Dataset entries

/---

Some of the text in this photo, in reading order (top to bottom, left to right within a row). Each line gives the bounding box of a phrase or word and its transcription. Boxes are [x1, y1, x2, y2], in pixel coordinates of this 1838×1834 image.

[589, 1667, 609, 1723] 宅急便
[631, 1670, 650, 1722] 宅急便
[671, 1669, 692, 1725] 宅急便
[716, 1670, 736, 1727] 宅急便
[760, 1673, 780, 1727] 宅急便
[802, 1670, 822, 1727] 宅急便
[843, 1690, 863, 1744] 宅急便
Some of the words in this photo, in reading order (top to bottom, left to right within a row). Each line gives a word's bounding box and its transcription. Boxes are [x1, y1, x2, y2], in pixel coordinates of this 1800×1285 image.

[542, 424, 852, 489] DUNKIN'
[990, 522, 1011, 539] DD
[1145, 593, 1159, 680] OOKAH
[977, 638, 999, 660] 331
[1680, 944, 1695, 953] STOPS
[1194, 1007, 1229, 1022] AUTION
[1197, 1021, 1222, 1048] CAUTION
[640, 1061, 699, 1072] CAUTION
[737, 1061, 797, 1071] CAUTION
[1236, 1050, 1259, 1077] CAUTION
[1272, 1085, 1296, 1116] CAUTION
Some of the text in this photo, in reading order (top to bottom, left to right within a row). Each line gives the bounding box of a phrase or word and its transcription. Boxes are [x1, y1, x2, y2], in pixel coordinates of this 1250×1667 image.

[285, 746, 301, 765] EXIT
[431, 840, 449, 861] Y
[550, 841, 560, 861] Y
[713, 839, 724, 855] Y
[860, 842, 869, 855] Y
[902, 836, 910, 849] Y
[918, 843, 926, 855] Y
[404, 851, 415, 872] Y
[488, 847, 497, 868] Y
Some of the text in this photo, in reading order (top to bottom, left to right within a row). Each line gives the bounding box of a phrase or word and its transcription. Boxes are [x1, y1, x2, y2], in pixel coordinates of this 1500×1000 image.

\---

Give back only the lines from the one containing "Some of the words" through the final line of the entries above, exactly as written, both included.

■ ANSWER FOR THE TASK ■
Some of the words in this photo, in reading order (top to bottom, left to right within a row). Each line gives a word's bounding box and its transcription. Boxes are [x1, y1, x2, y2], in pixel coordinates of this 1800×1285 image.

[542, 424, 852, 489] DUNKIN'
[990, 522, 1011, 539] DD
[1145, 593, 1159, 680] OOKAH
[977, 638, 999, 660] 331
[1680, 944, 1695, 953] STOPS
[1194, 1007, 1229, 1022] AUTION
[1197, 1021, 1222, 1048] CAUTION
[640, 1061, 699, 1072] CAUTION
[737, 1061, 797, 1071] CAUTION
[1236, 1050, 1259, 1077] CAUTION
[1272, 1085, 1296, 1116] CAUTION
Some of the text in this photo, in reading order (top to bottom, left to right within a row). Each line gives the bounding box of a phrase or word and its transcription. Boxes are [x1, y1, x2, y2], in pixel coordinates of this 1250×1667 image.

[285, 746, 301, 765] EXIT
[431, 840, 449, 861] Y
[550, 841, 560, 861] Y
[713, 839, 724, 855] Y
[860, 842, 869, 855] Y
[902, 836, 910, 849] Y
[918, 843, 926, 855] Y
[404, 851, 415, 872] Y
[488, 847, 497, 868] Y
Some of the text in this photo, in reading order (top to bottom, left to right within a row). Each line gives the bounding box of a phrase or word and its transcription. Boxes are [x1, y1, x2, y2], in pixel coordinates of this 1500×1000 image.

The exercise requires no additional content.